**What is required**:
Only the pictures are to be left out; set down the rest of the records exactly.

Spatial localization data:
'''

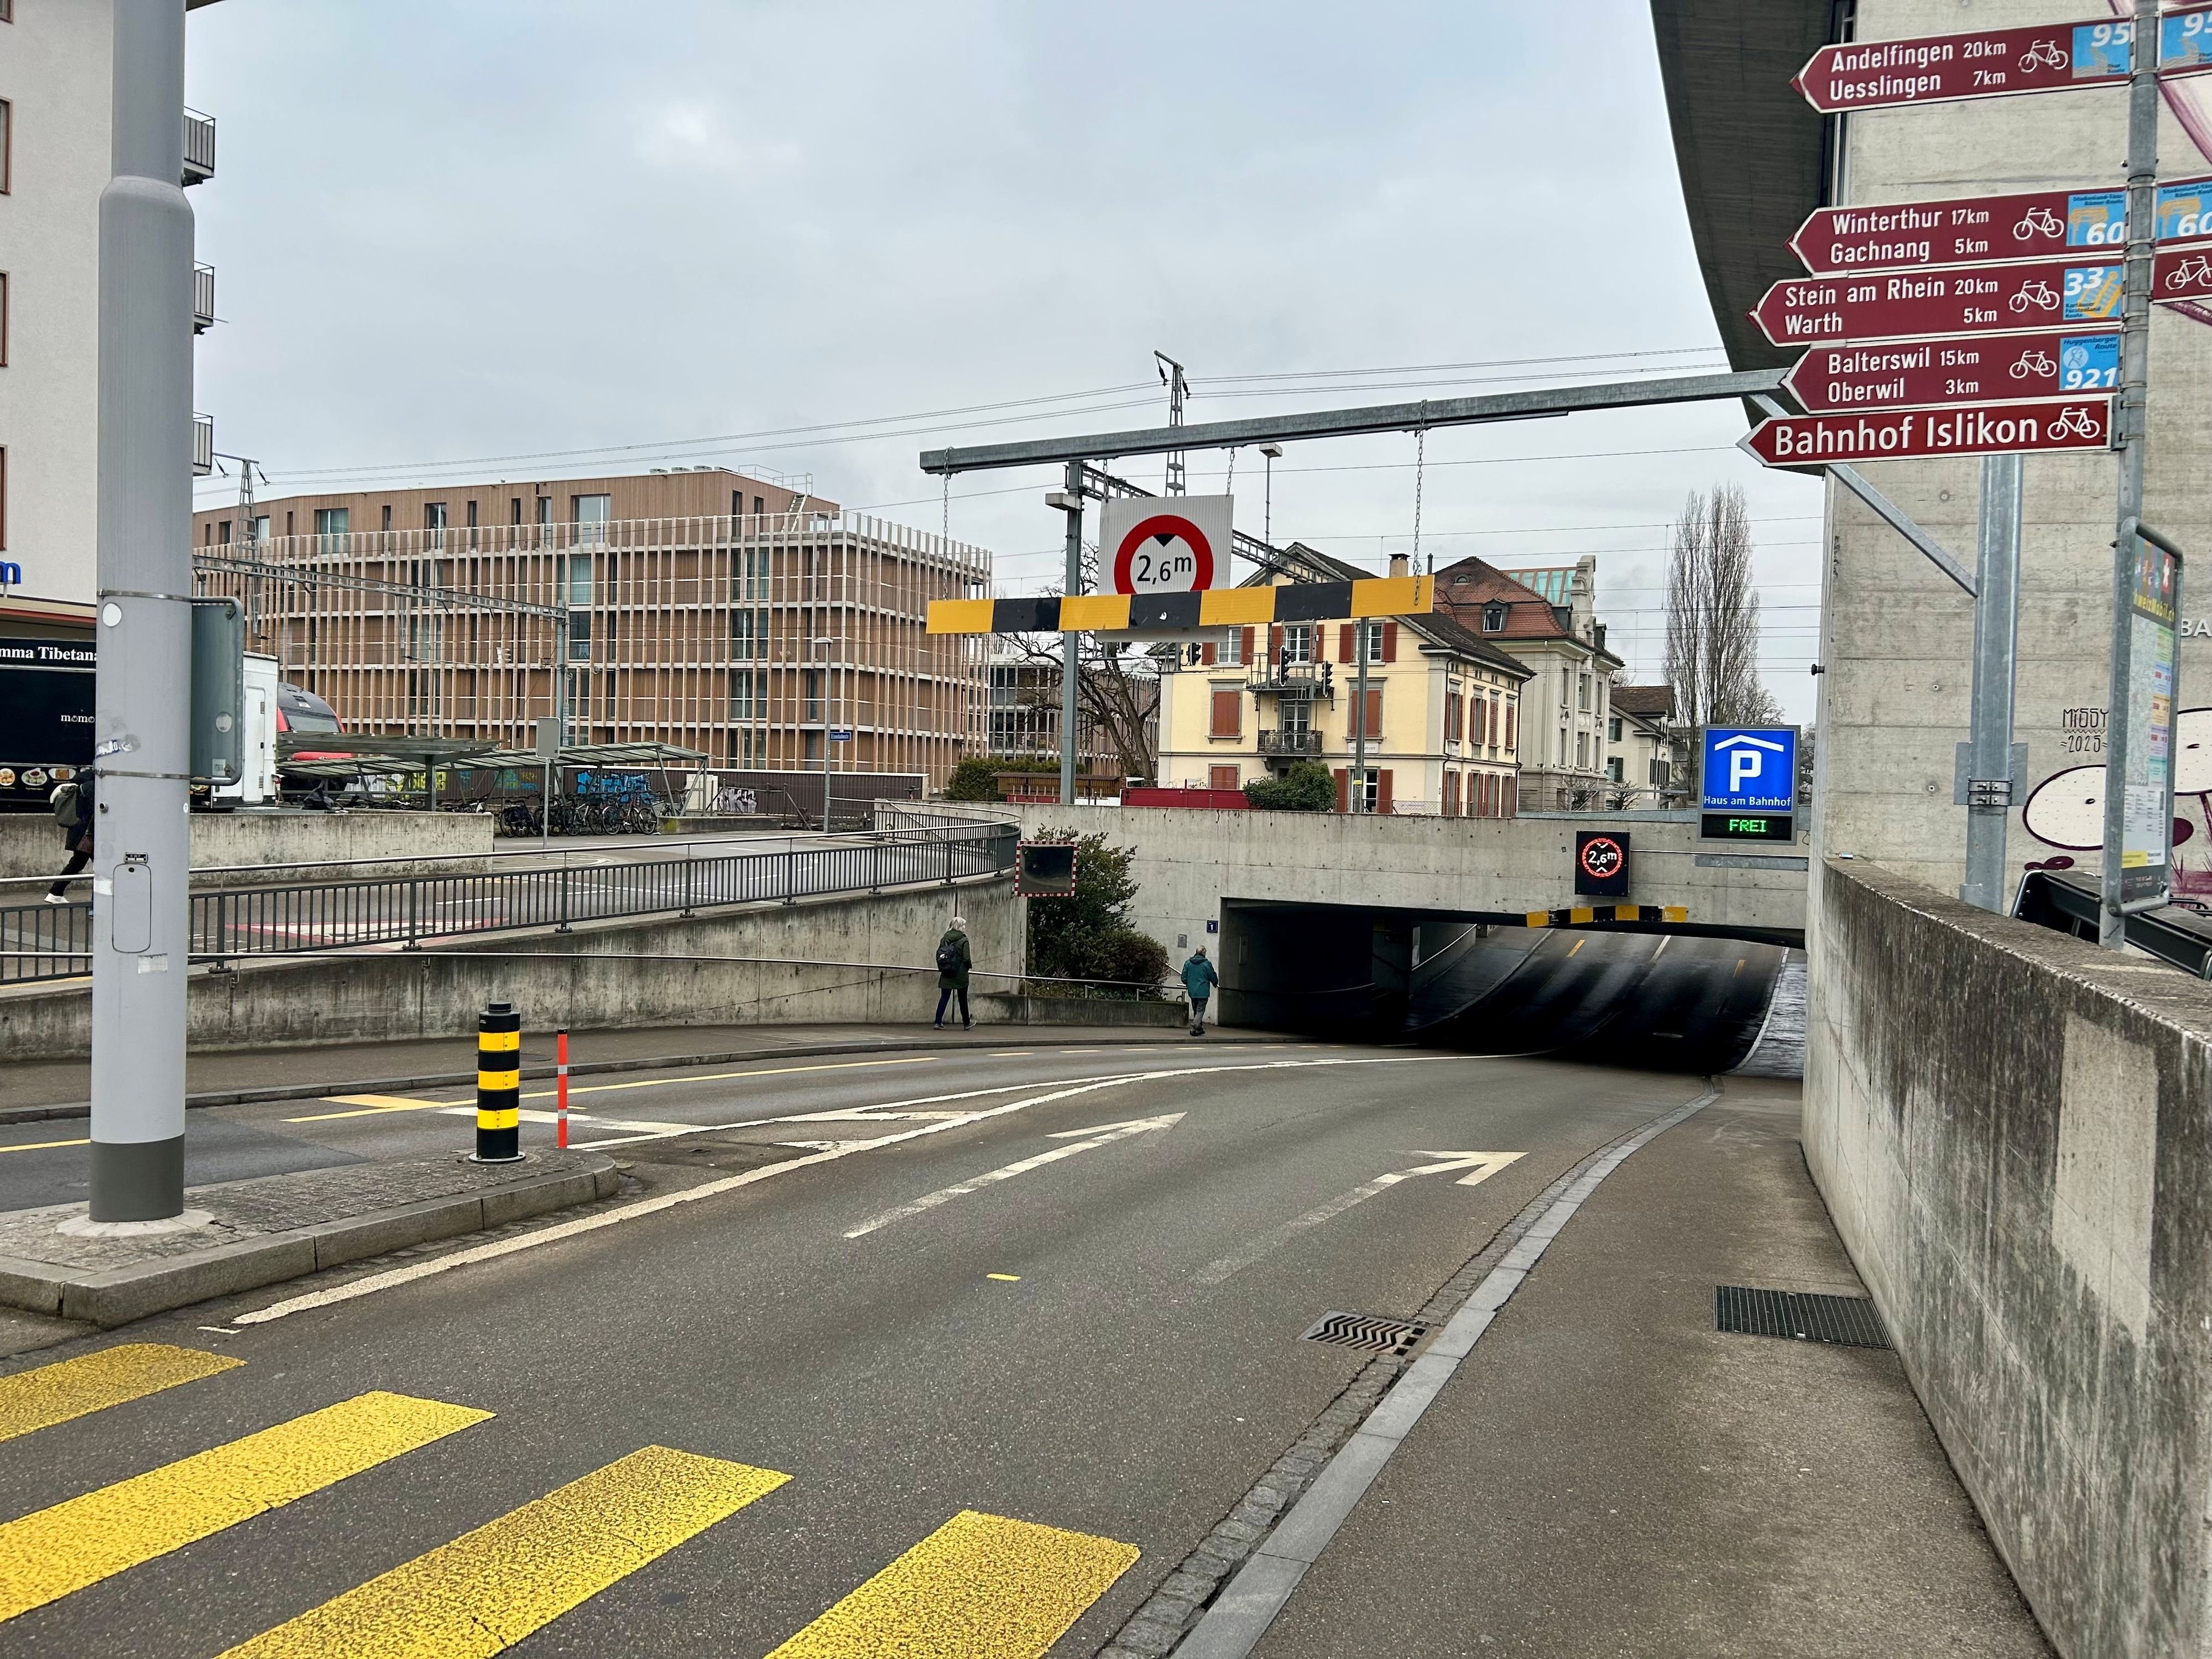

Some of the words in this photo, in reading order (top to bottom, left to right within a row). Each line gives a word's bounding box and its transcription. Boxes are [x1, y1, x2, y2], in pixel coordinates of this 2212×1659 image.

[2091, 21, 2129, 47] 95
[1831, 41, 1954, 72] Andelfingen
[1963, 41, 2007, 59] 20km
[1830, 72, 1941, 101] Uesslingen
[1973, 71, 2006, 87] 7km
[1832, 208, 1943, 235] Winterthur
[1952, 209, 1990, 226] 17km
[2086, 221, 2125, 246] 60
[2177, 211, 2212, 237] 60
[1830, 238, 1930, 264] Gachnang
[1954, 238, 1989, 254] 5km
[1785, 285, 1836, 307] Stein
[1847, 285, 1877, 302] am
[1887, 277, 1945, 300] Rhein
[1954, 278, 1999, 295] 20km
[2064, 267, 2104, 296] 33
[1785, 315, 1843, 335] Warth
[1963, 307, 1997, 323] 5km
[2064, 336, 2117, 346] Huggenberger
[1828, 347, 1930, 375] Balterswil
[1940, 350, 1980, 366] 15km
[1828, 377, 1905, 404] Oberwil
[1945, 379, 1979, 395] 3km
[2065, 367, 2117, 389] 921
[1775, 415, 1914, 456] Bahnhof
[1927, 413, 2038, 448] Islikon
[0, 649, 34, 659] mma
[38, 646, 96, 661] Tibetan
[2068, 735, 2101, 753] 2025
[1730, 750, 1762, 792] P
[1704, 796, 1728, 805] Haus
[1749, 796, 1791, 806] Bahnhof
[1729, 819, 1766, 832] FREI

'''

**Solution to this problem**:
Some of the words in this photo, in reading order (top to bottom, left to right within a row). Each line gives a word's bounding box and its transcription. Boxes are [x1, y1, x2, y2], in pixel coordinates of this 2212×1659 image.

[2091, 21, 2129, 47] 95
[1831, 41, 1954, 72] Andelfingen
[1963, 41, 2007, 59] 20km
[1830, 72, 1941, 101] Uesslingen
[1973, 71, 2006, 87] 7km
[1832, 208, 1943, 235] Winterthur
[1952, 209, 1990, 226] 17km
[2086, 221, 2125, 246] 60
[2177, 211, 2212, 237] 60
[1830, 238, 1930, 264] Gachnang
[1954, 238, 1989, 254] 5km
[1785, 285, 1836, 307] Stein
[1847, 285, 1877, 302] am
[1887, 277, 1945, 300] Rhein
[1954, 278, 1999, 295] 20km
[2064, 267, 2104, 296] 33
[1785, 315, 1843, 335] Warth
[1963, 307, 1997, 323] 5km
[2064, 336, 2117, 346] Huggenberger
[1828, 347, 1930, 375] Balterswil
[1940, 350, 1980, 366] 15km
[1828, 377, 1905, 404] Oberwil
[1945, 379, 1979, 395] 3km
[2065, 367, 2117, 389] 921
[1775, 415, 1914, 456] Bahnhof
[1927, 413, 2038, 448] Islikon
[0, 649, 34, 659] mma
[38, 646, 96, 661] Tibetan
[2068, 735, 2101, 753] 2025
[1730, 750, 1762, 792] P
[1704, 796, 1728, 805] Haus
[1749, 796, 1791, 806] Bahnhof
[1729, 819, 1766, 832] FREI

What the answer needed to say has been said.